- _WHAT THE EXERCISE ASKS_
The entries need to be copied exactly as they stand, images left out.

- _DATA FOR PROCESSING_
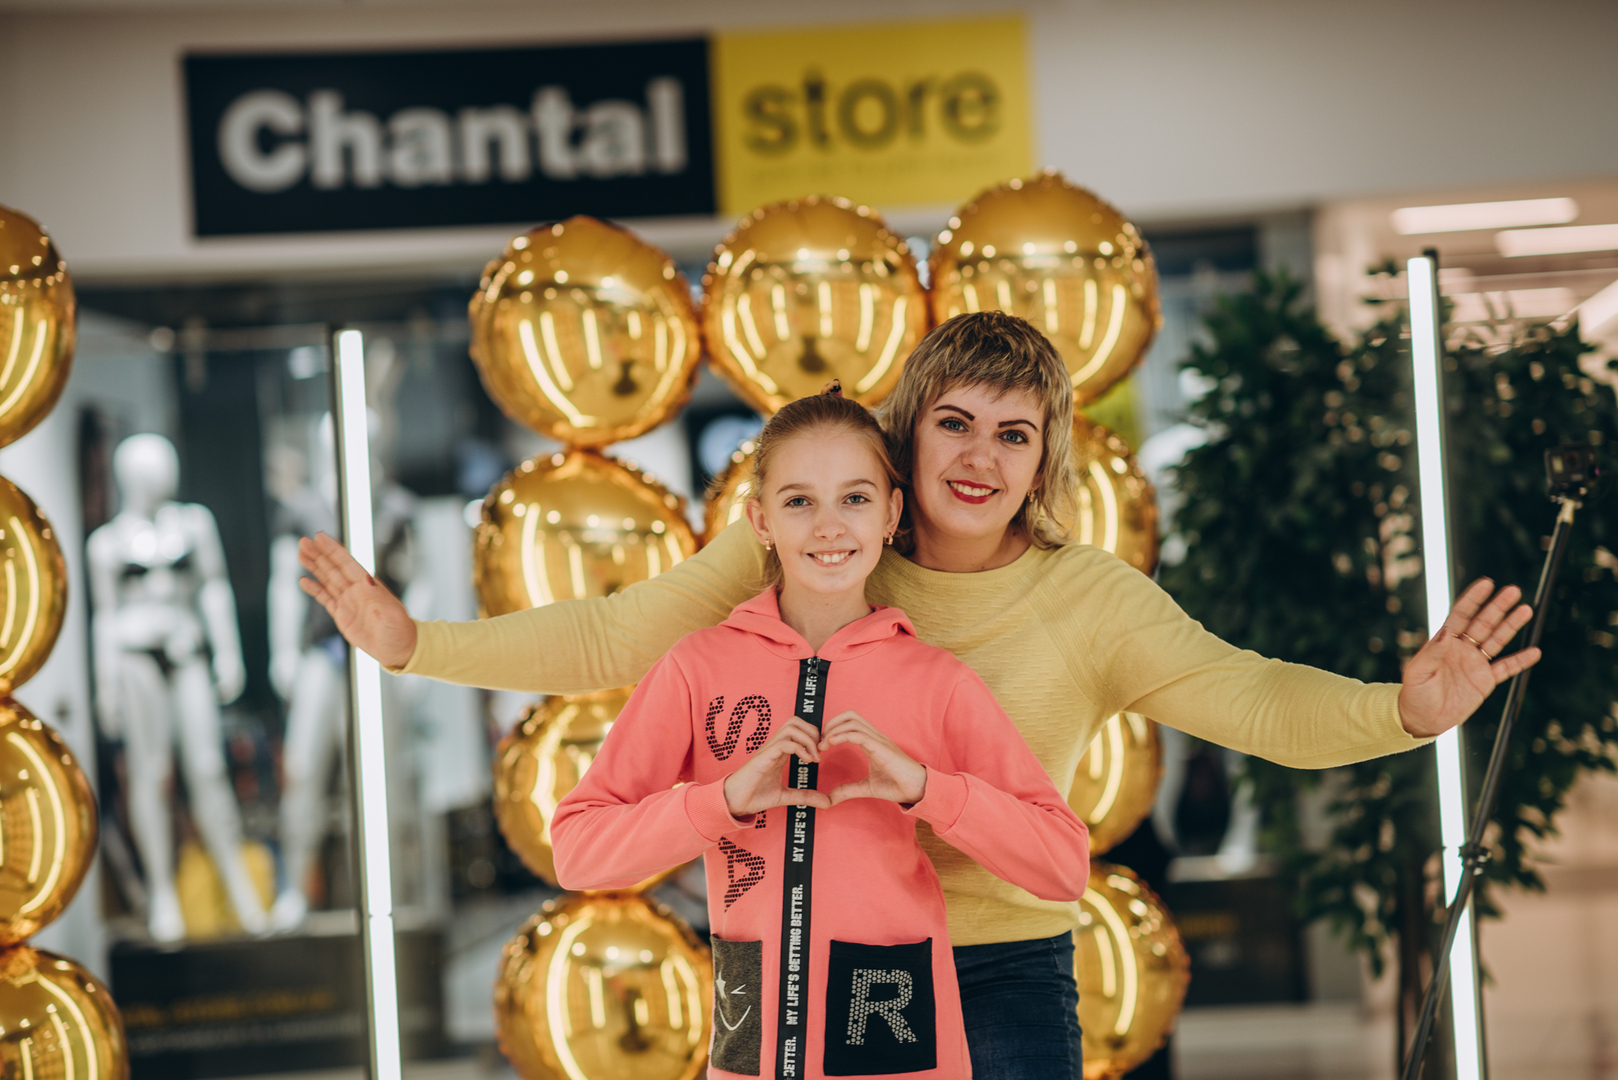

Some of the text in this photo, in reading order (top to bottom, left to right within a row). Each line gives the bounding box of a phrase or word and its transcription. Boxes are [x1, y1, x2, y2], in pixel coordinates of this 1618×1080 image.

[216, 66, 1003, 194] Chantal store
[803, 698, 815, 713] MY
[796, 766, 809, 809] GTING
[794, 811, 807, 844] LIFE'S
[792, 846, 805, 862] MY
[785, 884, 803, 1025] MY LIFE'S GETTING BETTER.
[845, 968, 919, 1046] R
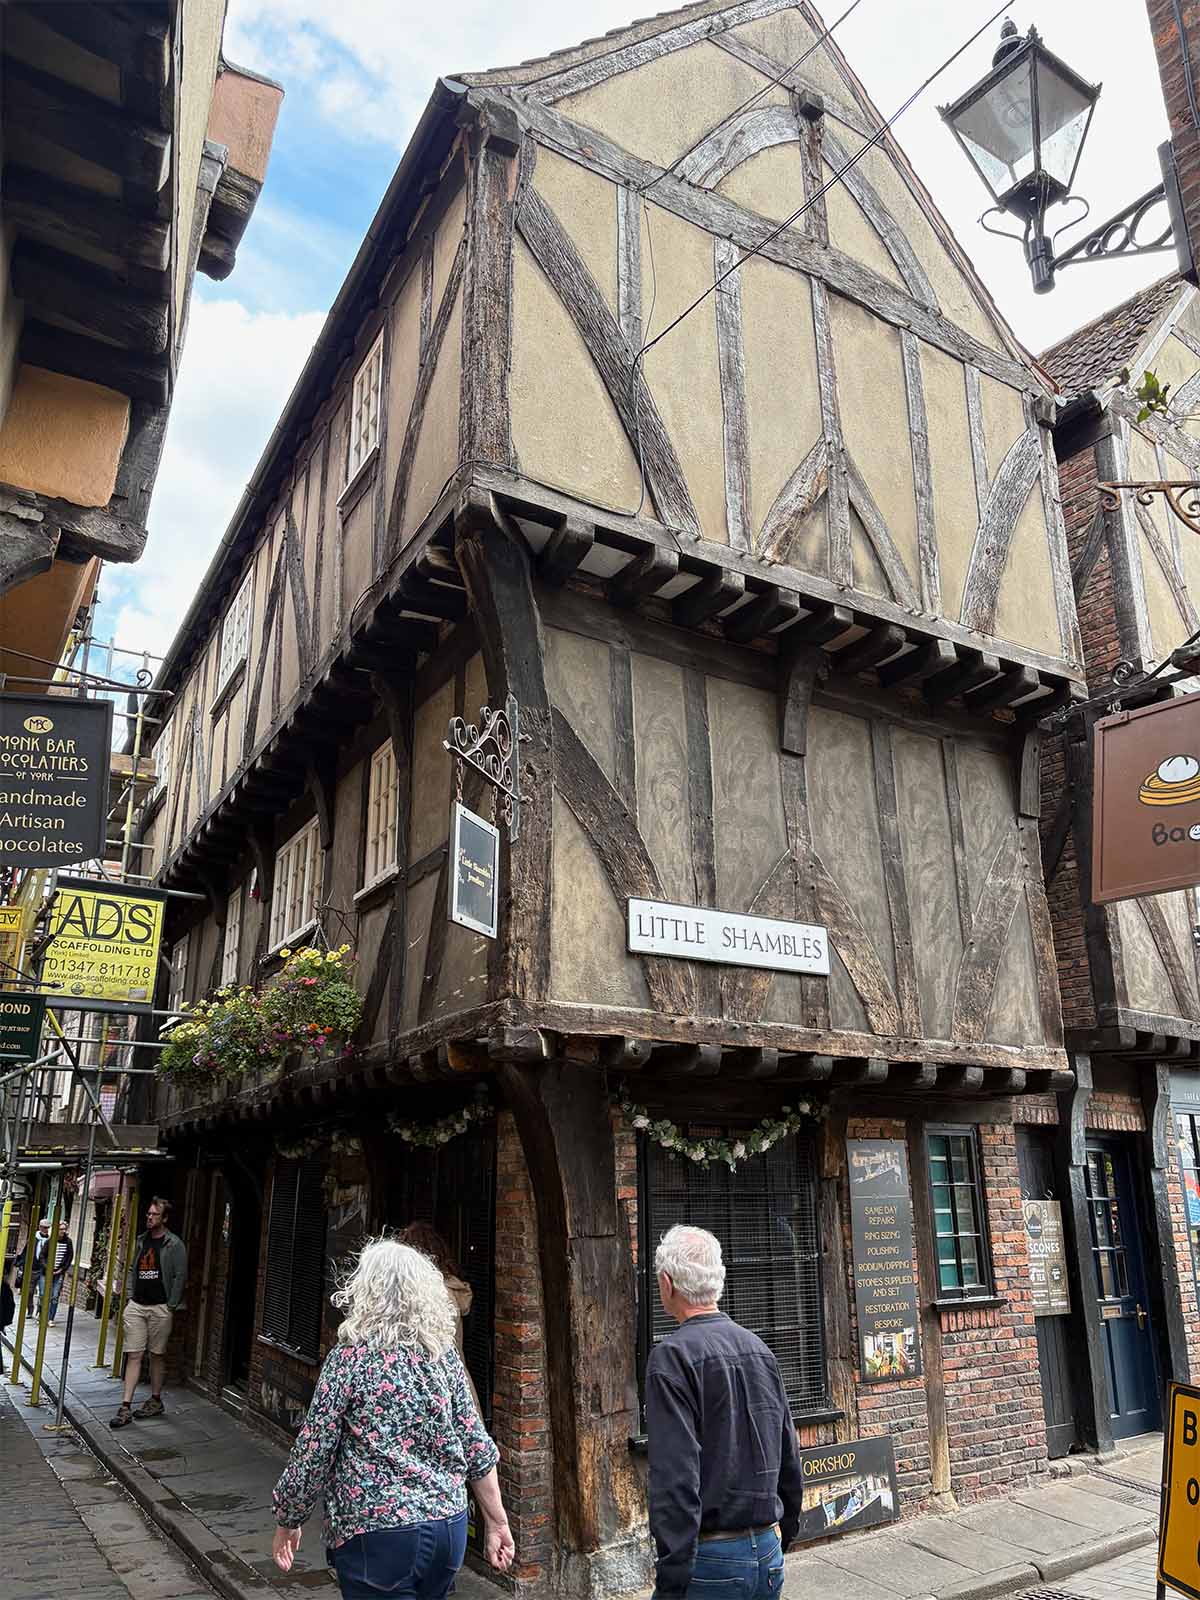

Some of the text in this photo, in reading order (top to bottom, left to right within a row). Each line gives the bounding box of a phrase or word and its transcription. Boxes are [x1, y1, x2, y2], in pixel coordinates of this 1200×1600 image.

[46, 738, 76, 754] BAR
[30, 771, 54, 781] YORK
[0, 812, 65, 830] Artisan
[55, 896, 153, 944] ADS
[637, 914, 823, 961] LITTLE SHAMBLES
[51, 939, 153, 958] SCAFFOLDING LTD
[49, 957, 151, 979] 01347 811718
[884, 1204, 897, 1215] DAY
[868, 1216, 896, 1225] REPAIRS
[864, 1231, 881, 1241] RING
[867, 1245, 900, 1256] POLISHING
[1029, 1242, 1061, 1253] SCONES
[857, 1275, 913, 1288] STONES SUPPLIED
[872, 1286, 901, 1297] AND SET
[865, 1301, 910, 1314] RESTORATION
[874, 1318, 904, 1329] BESPOKE
[800, 1452, 856, 1477] ORKSHOP
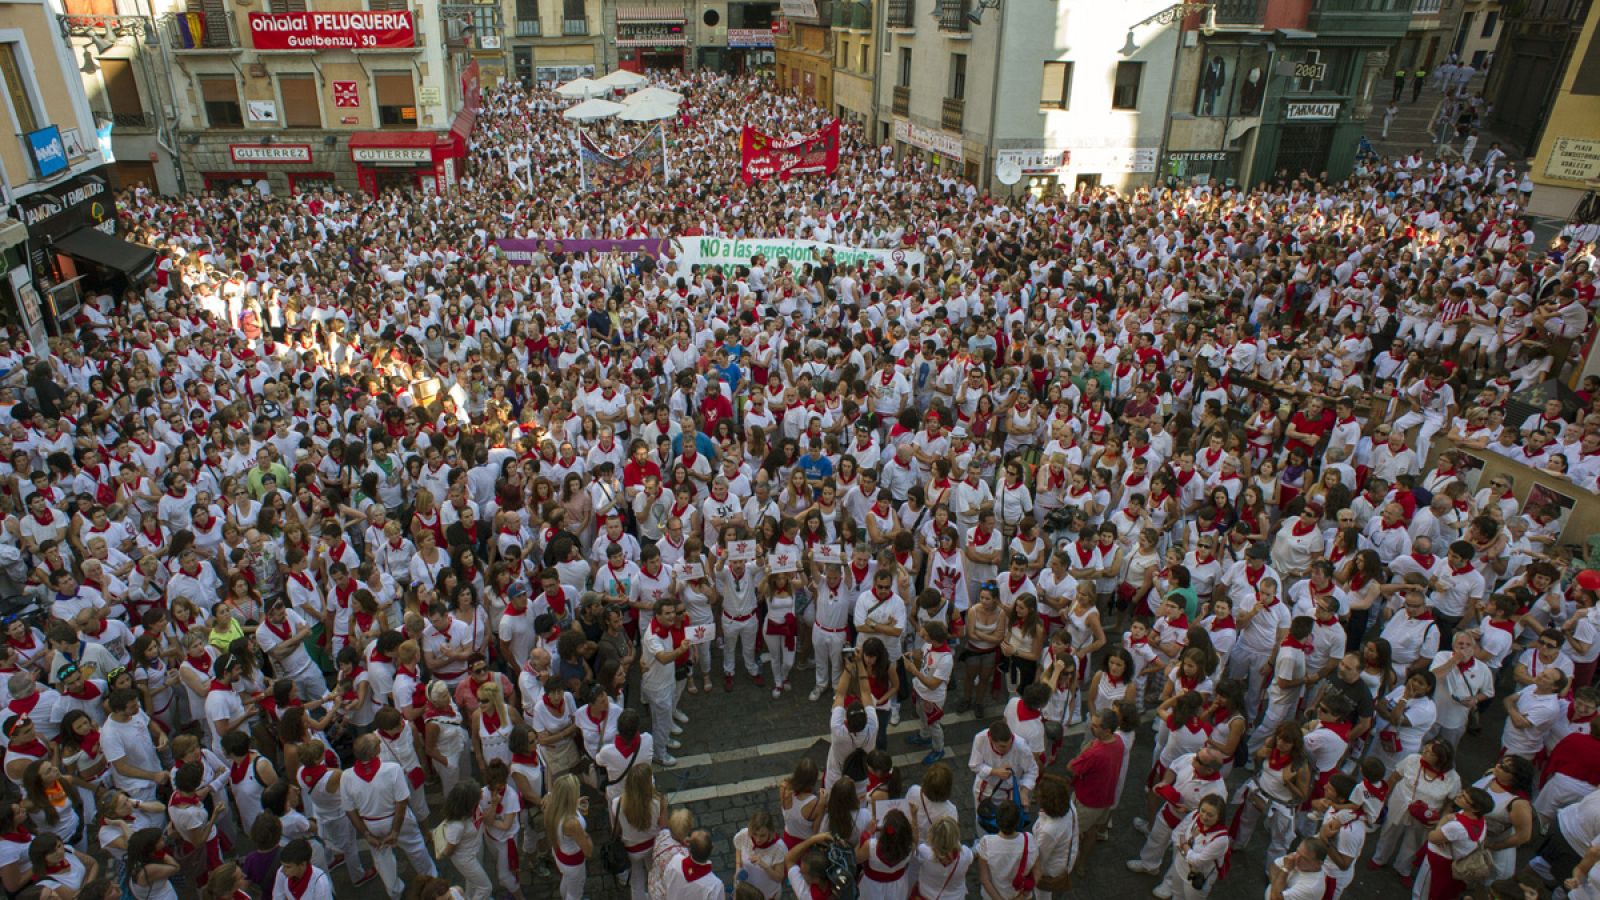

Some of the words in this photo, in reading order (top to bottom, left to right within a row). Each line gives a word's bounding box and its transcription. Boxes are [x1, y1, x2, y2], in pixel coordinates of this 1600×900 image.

[251, 15, 308, 32] ohlala!
[314, 13, 410, 31] PELUQUERIA
[362, 35, 377, 46] 30
[1290, 104, 1334, 117] FARMACIA
[237, 148, 304, 158] GUTIERREZ
[359, 149, 425, 159] GUTIERREZ
[1170, 152, 1226, 161] GUTIERREZ
[700, 239, 720, 258] NO
[723, 243, 730, 257] a
[733, 239, 752, 258] las
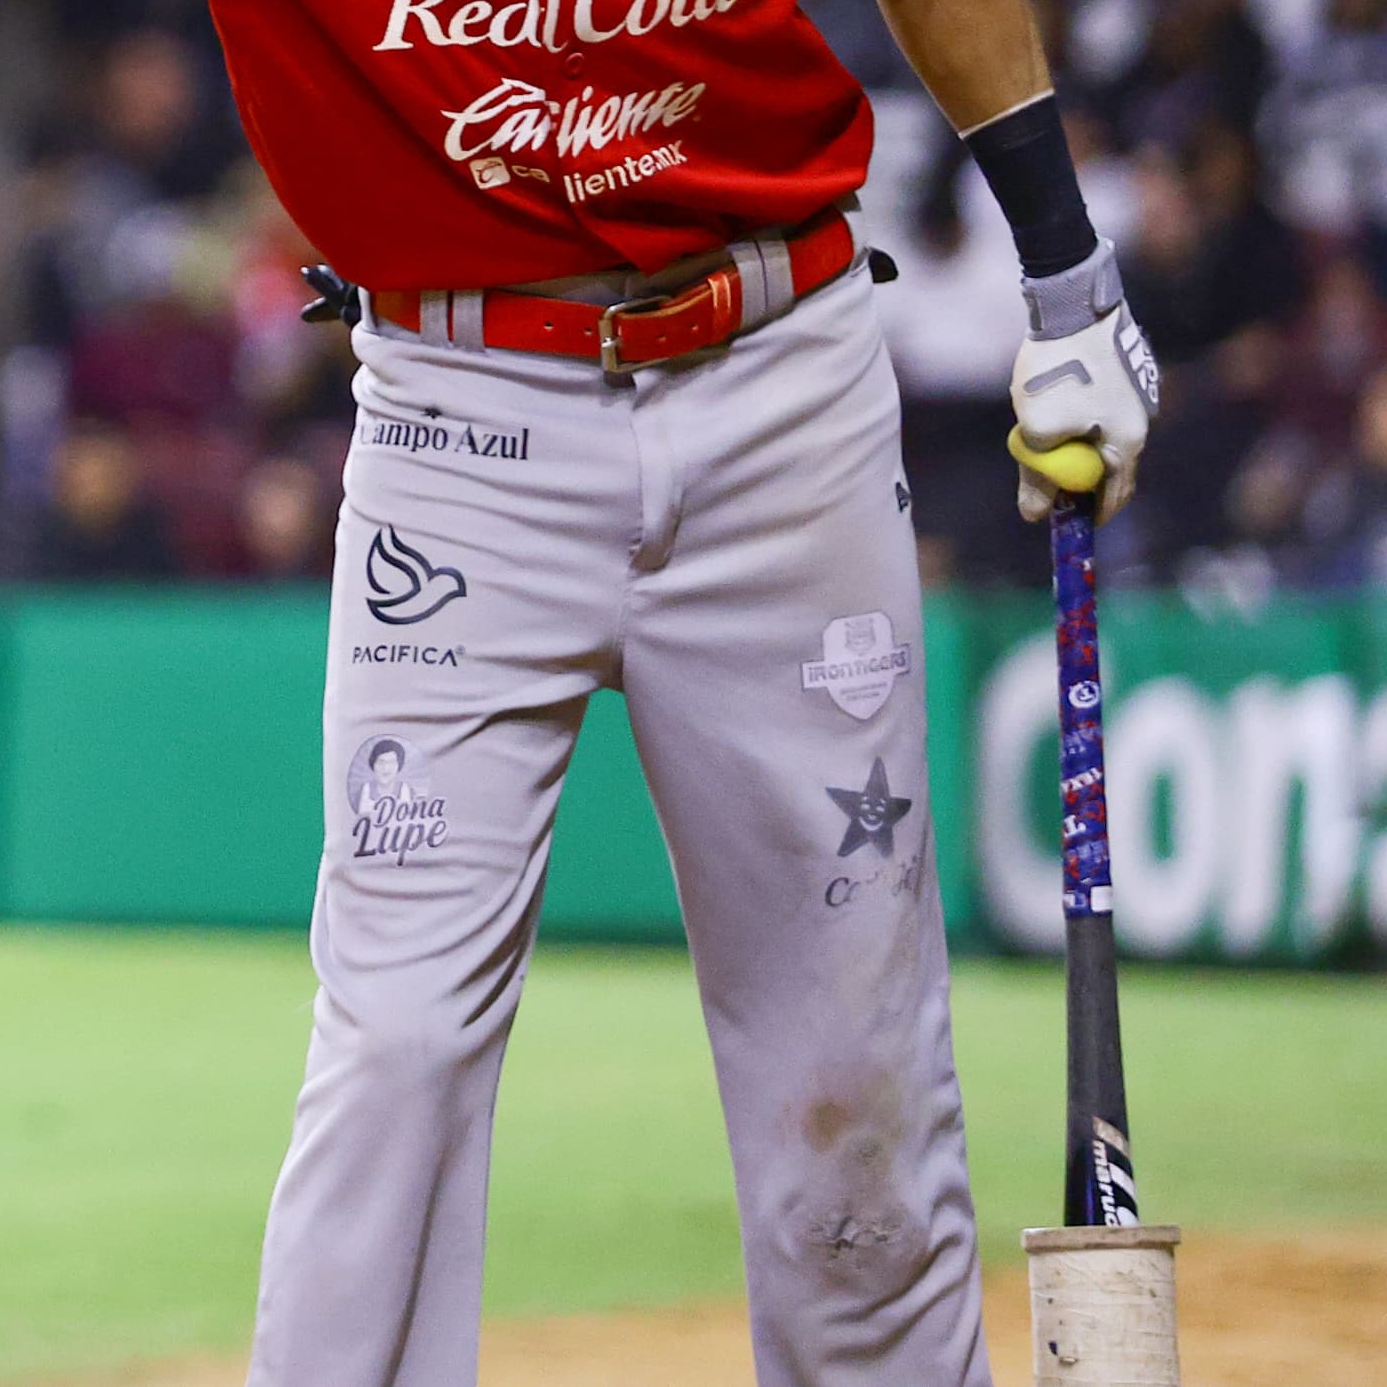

- _TASK SOLUTION_
Some of the text in this photo, in reading order (top to bottom, left to right within a row). Each line gives the bounding box of a phrase or word and its transcription. Boxes are [x1, y1, x2, y2], in pixel coordinates of this 1618×1080 image.

[216, 66, 1003, 194] Chantal store
[803, 698, 815, 713] MY
[796, 766, 809, 809] GTING
[794, 811, 807, 844] LIFE'S
[792, 846, 805, 862] MY
[785, 884, 803, 1025] MY LIFE'S GETTING BETTER.
[845, 968, 919, 1046] R

Some of the text in this photo, in reading order (top to bottom, left to right within a row). Each line gives the bounding box of a phrase or word and its transcription. Boxes are [x1, y1, x2, y2], in pixel coordinates of this 1200×1600 image.

[46, 738, 76, 754] BAR
[30, 771, 54, 781] YORK
[0, 812, 65, 830] Artisan
[55, 896, 153, 944] ADS
[637, 914, 823, 961] LITTLE SHAMBLES
[51, 939, 153, 958] SCAFFOLDING LTD
[49, 957, 151, 979] 01347 811718
[884, 1204, 897, 1215] DAY
[868, 1216, 896, 1225] REPAIRS
[864, 1231, 881, 1241] RING
[867, 1245, 900, 1256] POLISHING
[1029, 1242, 1061, 1253] SCONES
[857, 1275, 913, 1288] STONES SUPPLIED
[872, 1286, 901, 1297] AND SET
[865, 1301, 910, 1314] RESTORATION
[874, 1318, 904, 1329] BESPOKE
[800, 1452, 856, 1477] ORKSHOP

Some of the words in this photo, in reading order (top to bottom, left to right within a row). Each line gives a word's bounding box and its transcription. Boxes are [x1, y1, x2, y2], in pixel coordinates of this 1600×900 image.

[251, 15, 308, 32] ohlala!
[314, 13, 410, 31] PELUQUERIA
[362, 35, 377, 46] 30
[1290, 104, 1334, 117] FARMACIA
[237, 148, 304, 158] GUTIERREZ
[359, 149, 425, 159] GUTIERREZ
[1170, 152, 1226, 161] GUTIERREZ
[700, 239, 720, 258] NO
[723, 243, 730, 257] a
[733, 239, 752, 258] las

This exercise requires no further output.